→ ASSIGNED TASK:
Reproduce all of the records word for word, omitting the pictures.
'''
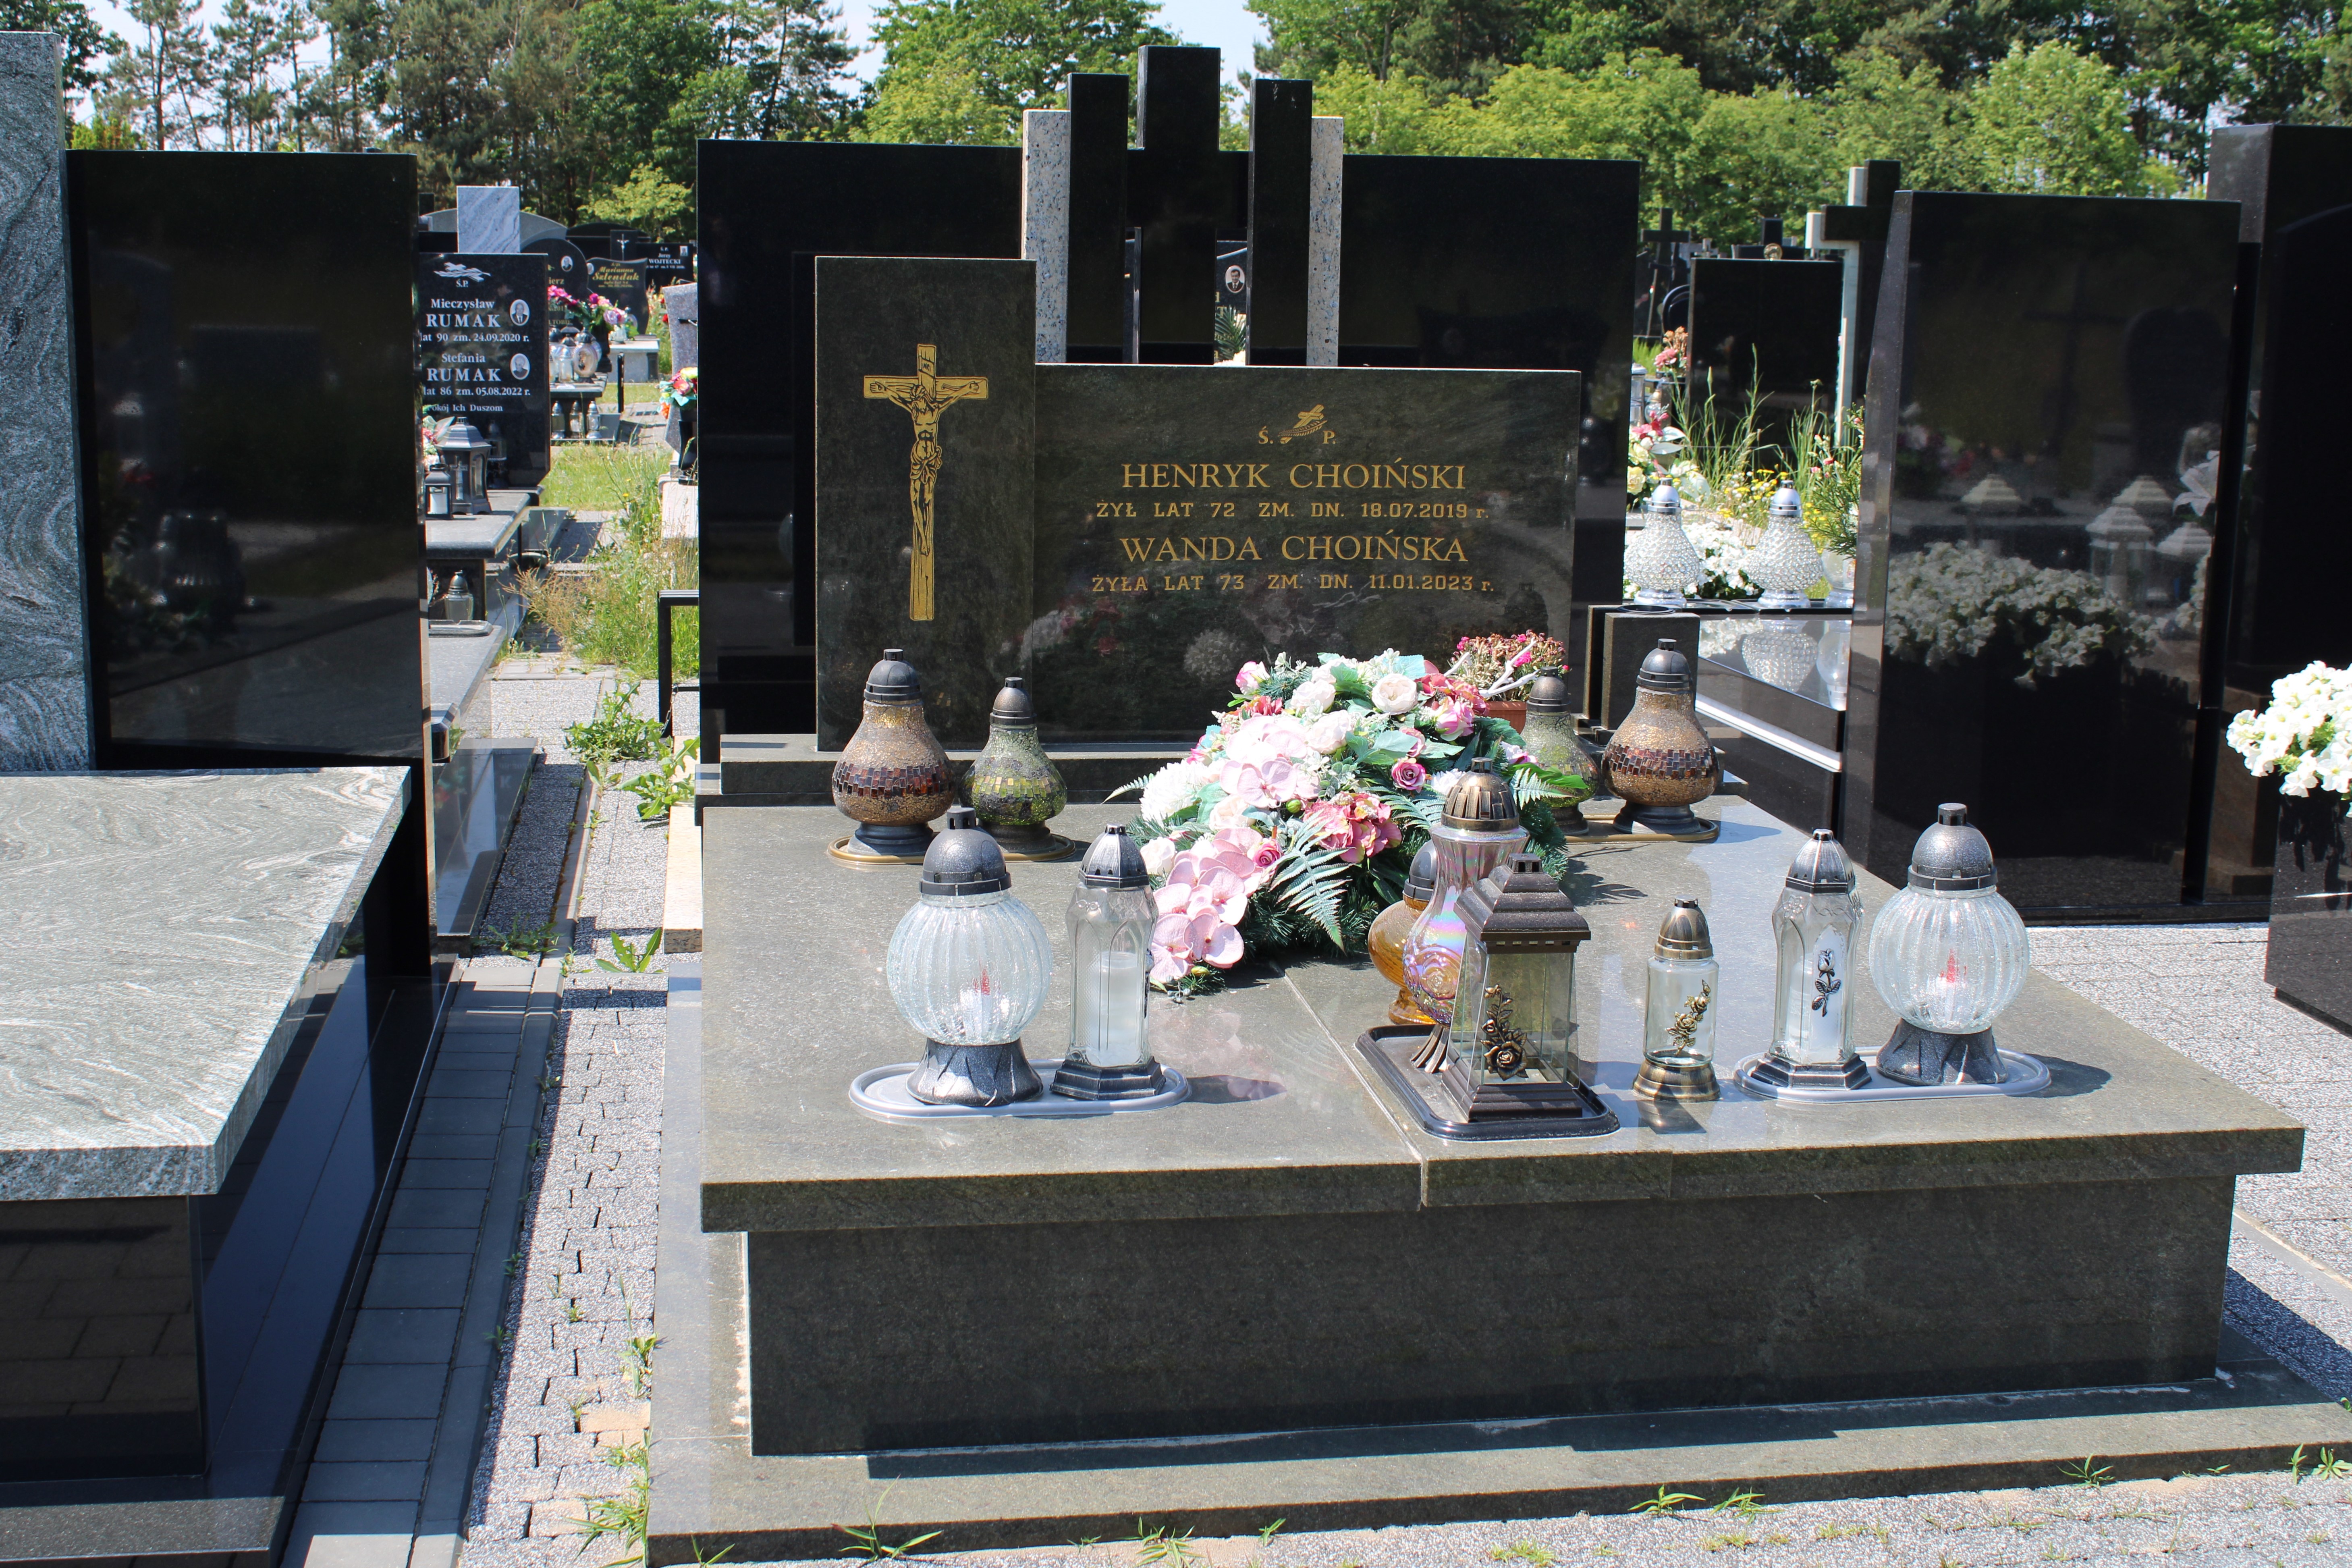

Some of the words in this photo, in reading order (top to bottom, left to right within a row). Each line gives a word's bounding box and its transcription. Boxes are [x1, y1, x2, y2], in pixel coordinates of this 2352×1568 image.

[592, 272, 639, 280] Szlendak
[431, 299, 495, 311] Mieczysław
[426, 314, 501, 327] RUMAK
[437, 333, 448, 341] 90
[473, 333, 520, 342] 24.09.2020
[442, 353, 486, 363] Stefania
[427, 368, 501, 381] RUMAK
[423, 386, 435, 395] lat
[440, 386, 451, 395] 86
[476, 387, 522, 396] 05.08.2022
[1258, 426, 1274, 444] Ś.
[1322, 430, 1336, 444] P.
[1122, 463, 1270, 488] HENRYK
[1289, 457, 1466, 489] CHOIŃSKI
[1096, 498, 1137, 517] ŻYŁ
[1154, 502, 1194, 517] LAT
[1210, 502, 1235, 517] 72
[1258, 502, 1295, 517] ZM.
[1311, 502, 1344, 517] DN.
[1362, 502, 1468, 518] 18.07.2019
[1476, 508, 1489, 519] r.
[1119, 536, 1262, 561] WANDA
[1281, 529, 1468, 561] CHOIŃSKA
[1092, 573, 1148, 592] ŻYŁA
[1164, 575, 1204, 590] LAT
[1220, 575, 1245, 590] 73
[1268, 574, 1304, 590] ZM.
[1320, 574, 1353, 589] DN.
[1370, 574, 1473, 590] 11.01.2023
[1481, 581, 1495, 591] r.
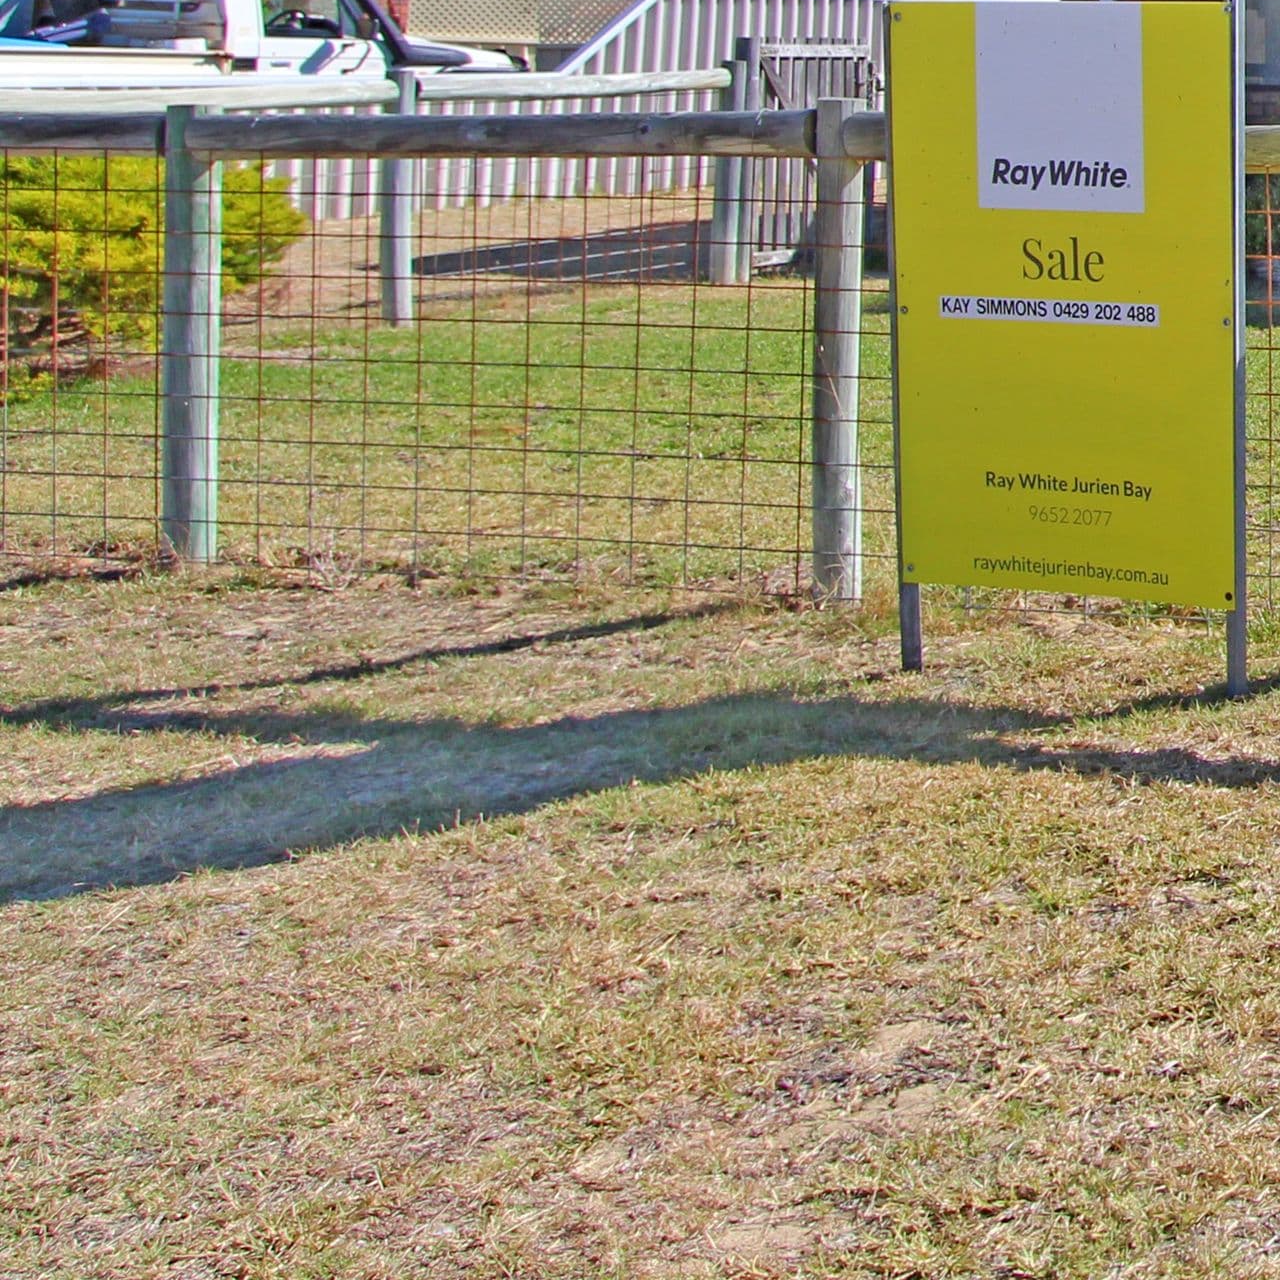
'''
→ YOUR RESPONSE:
Some of the words in this photo, in reading order (top to bottom, left to right within a row). Each line gives a word's bounding box and its transcription. Boxes are [x1, y1, x2, y2], in pixel coordinates of this 2352×1568 image.

[592, 272, 639, 280] Szlendak
[431, 299, 495, 311] Mieczysław
[426, 314, 501, 327] RUMAK
[437, 333, 448, 341] 90
[473, 333, 520, 342] 24.09.2020
[442, 353, 486, 363] Stefania
[427, 368, 501, 381] RUMAK
[423, 386, 435, 395] lat
[440, 386, 451, 395] 86
[476, 387, 522, 396] 05.08.2022
[1258, 426, 1274, 444] Ś.
[1322, 430, 1336, 444] P.
[1122, 463, 1270, 488] HENRYK
[1289, 457, 1466, 489] CHOIŃSKI
[1096, 498, 1137, 517] ŻYŁ
[1154, 502, 1194, 517] LAT
[1210, 502, 1235, 517] 72
[1258, 502, 1295, 517] ZM.
[1311, 502, 1344, 517] DN.
[1362, 502, 1468, 518] 18.07.2019
[1476, 508, 1489, 519] r.
[1119, 536, 1262, 561] WANDA
[1281, 529, 1468, 561] CHOIŃSKA
[1092, 573, 1148, 592] ŻYŁA
[1164, 575, 1204, 590] LAT
[1220, 575, 1245, 590] 73
[1268, 574, 1304, 590] ZM.
[1320, 574, 1353, 589] DN.
[1370, 574, 1473, 590] 11.01.2023
[1481, 581, 1495, 591] r.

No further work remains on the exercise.